** Information given follows **
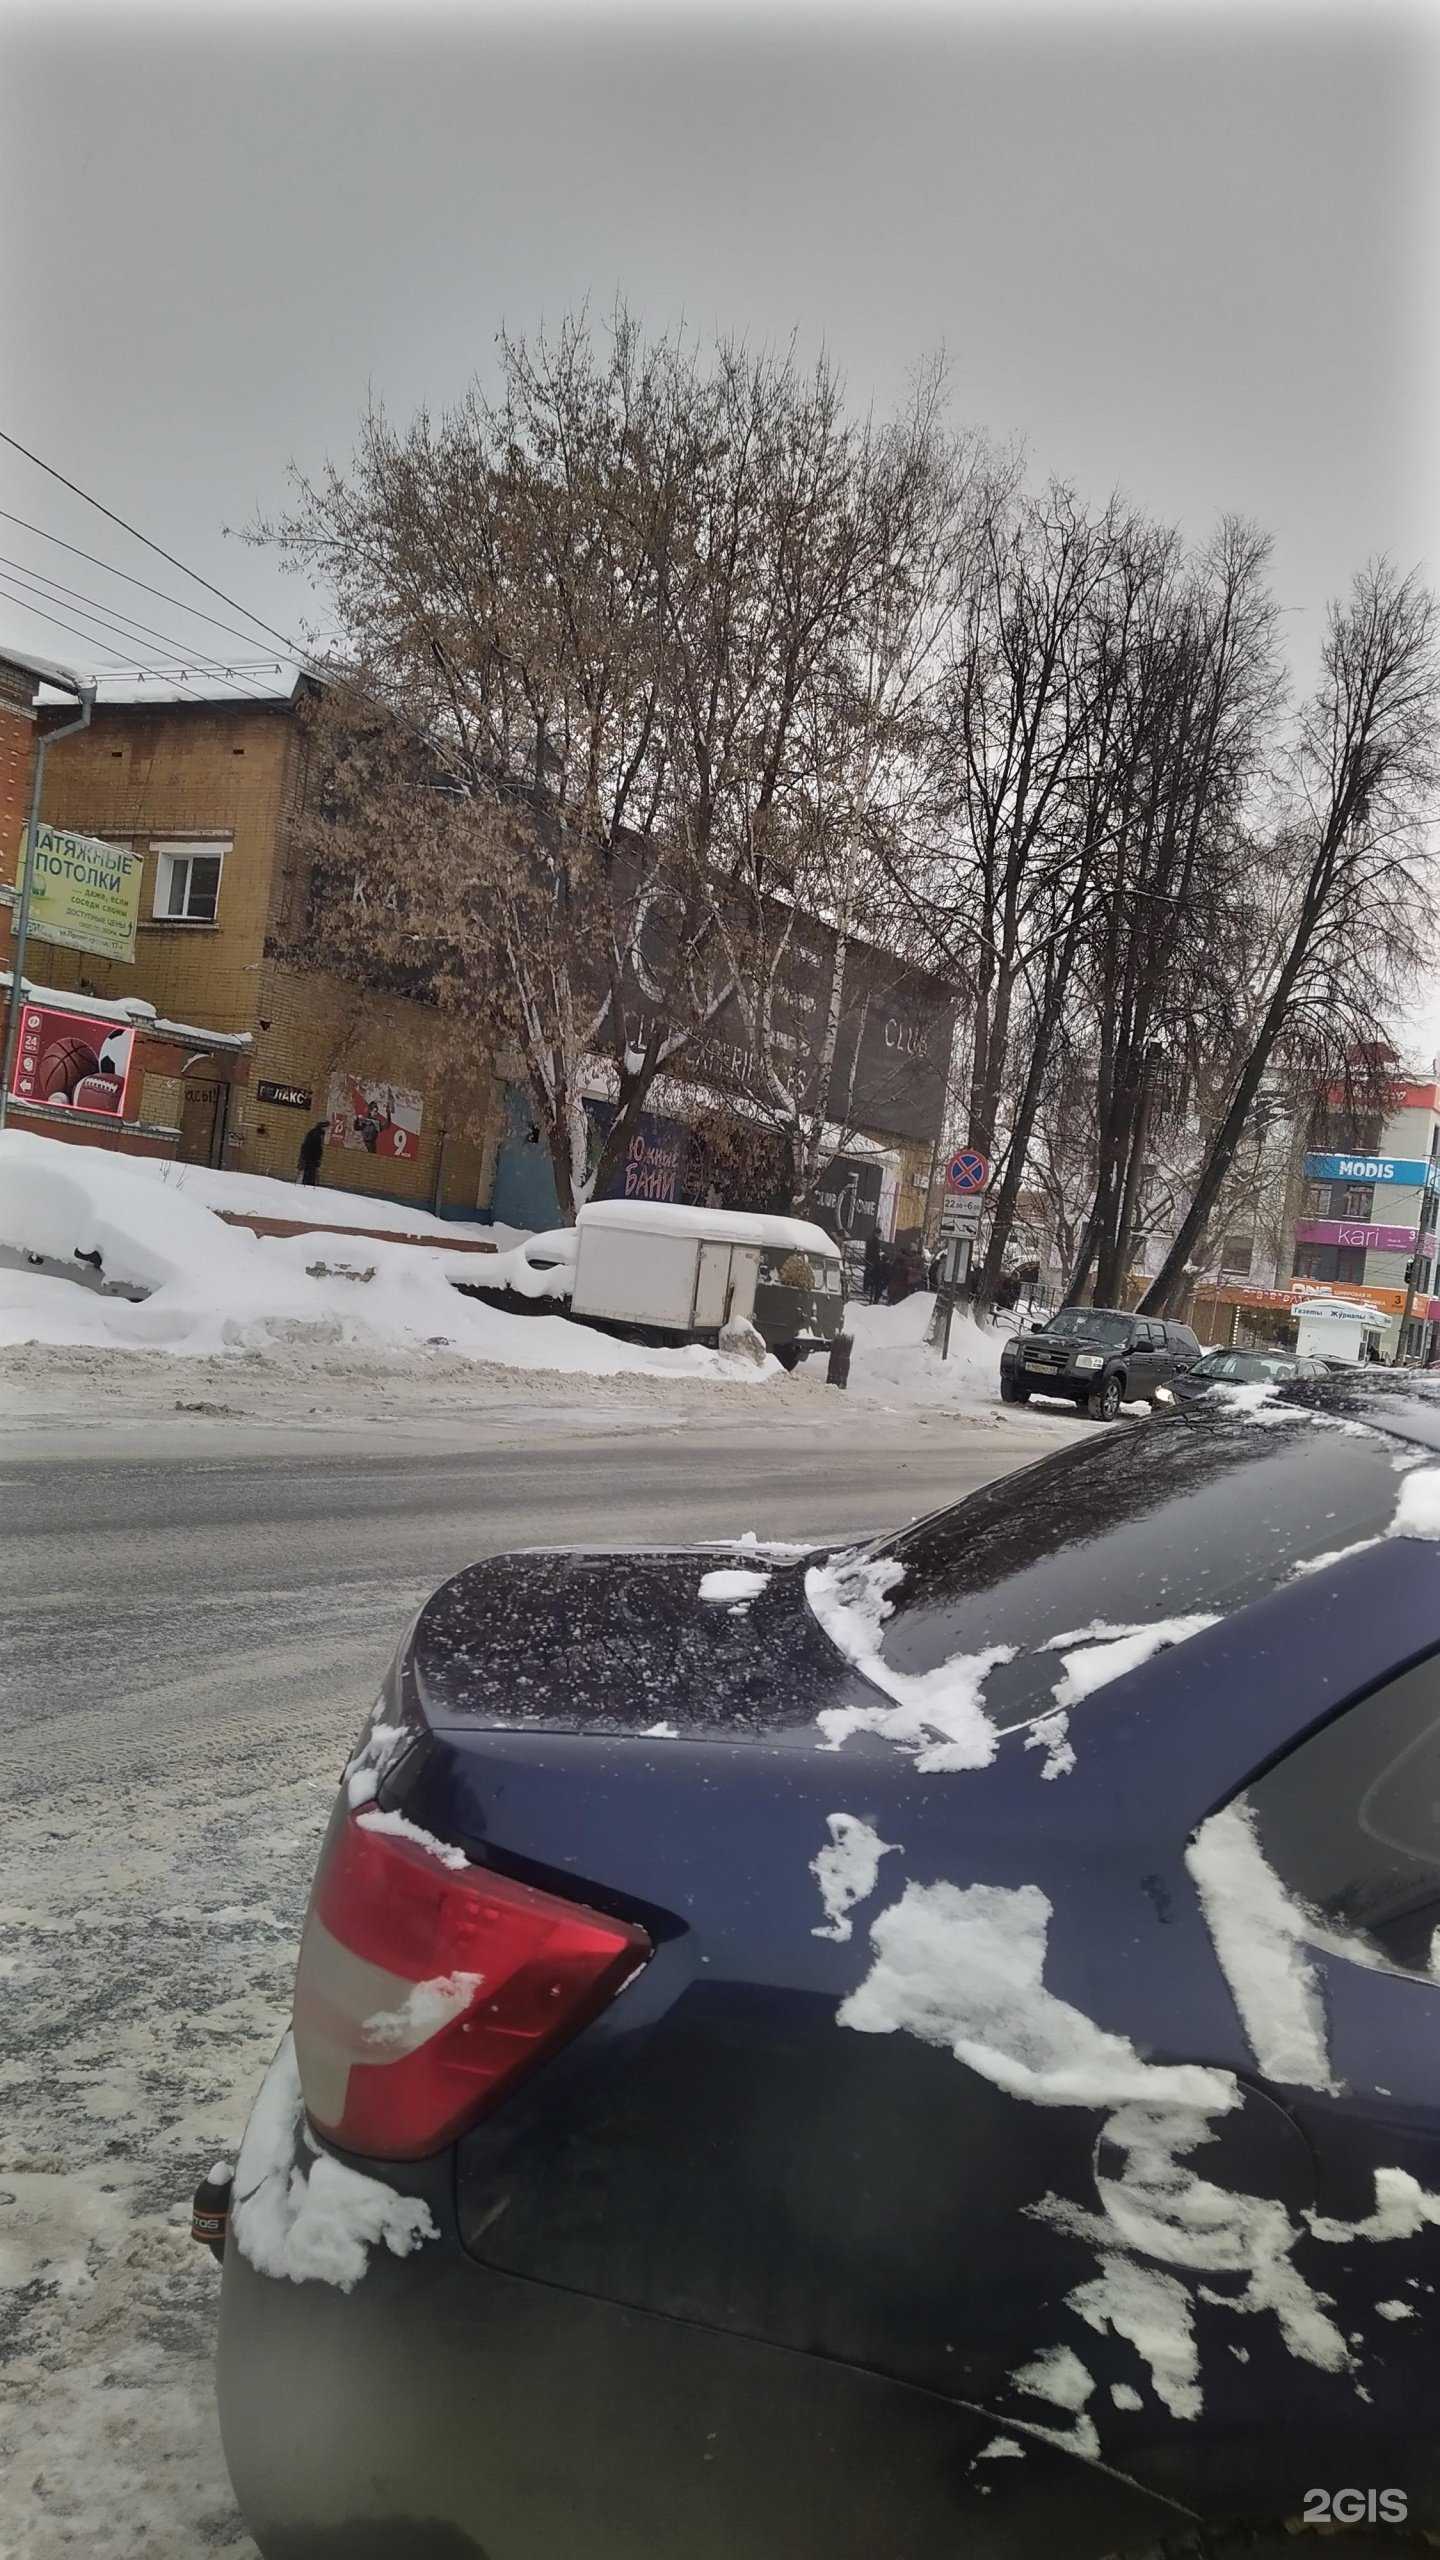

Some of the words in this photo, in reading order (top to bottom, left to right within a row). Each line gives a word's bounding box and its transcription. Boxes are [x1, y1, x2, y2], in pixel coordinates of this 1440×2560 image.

[36, 853, 120, 893] ПОТОЛКИ
[394, 1130, 407, 1155] 9
[1339, 1161, 1394, 1178] MODIS
[625, 1162, 676, 1201] БАНИ
[1337, 1226, 1380, 1247] kari
[1409, 1230, 1416, 1240] 3
[1394, 1295, 1402, 1304] 3
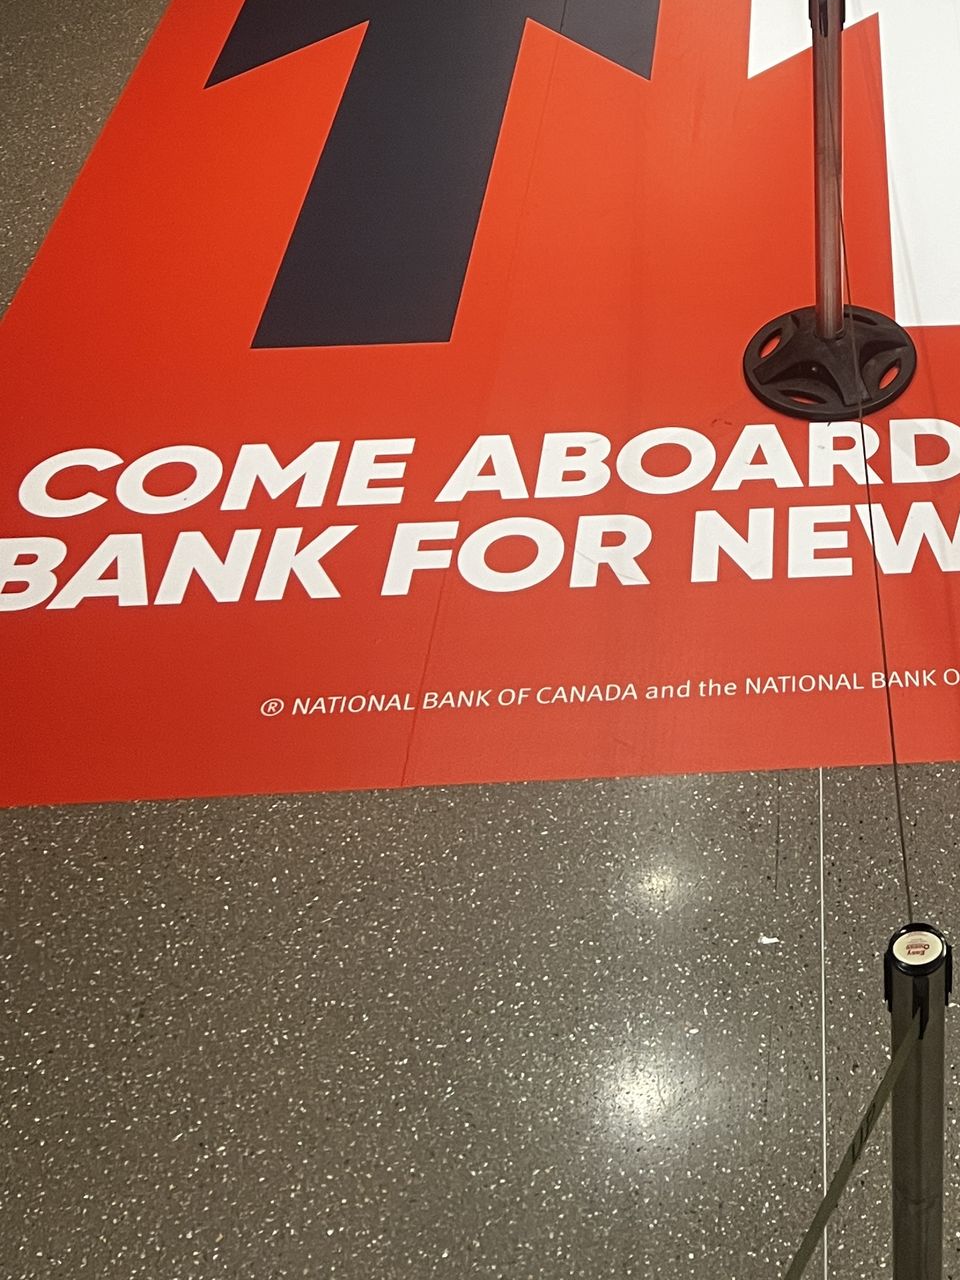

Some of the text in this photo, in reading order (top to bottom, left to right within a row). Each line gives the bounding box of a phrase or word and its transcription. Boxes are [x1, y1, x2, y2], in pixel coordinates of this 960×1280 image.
** End of Information given **
* Goal of the exercise
Without the pictures, return each entry exactly as given.

* Result
Some of the words in this photo, in reading order (top to bottom, left to right within a row). Each line gives a word's bounding box and its transcription. Boxes are [x1, y1, x2, y2], in pixel coordinates of this 1440×2560 image.

[36, 853, 120, 893] ПОТОЛКИ
[394, 1130, 407, 1155] 9
[1339, 1161, 1394, 1178] MODIS
[625, 1162, 676, 1201] БАНИ
[1337, 1226, 1380, 1247] kari
[1409, 1230, 1416, 1240] 3
[1394, 1295, 1402, 1304] 3

Some of the text in this photo, in reading order (top to bottom, left to right within a row). Each line gives the bounding box of a phrase or word and its transcription. Boxes are [x1, y1, x2, y2], in pixel coordinates of this 960×1280 image.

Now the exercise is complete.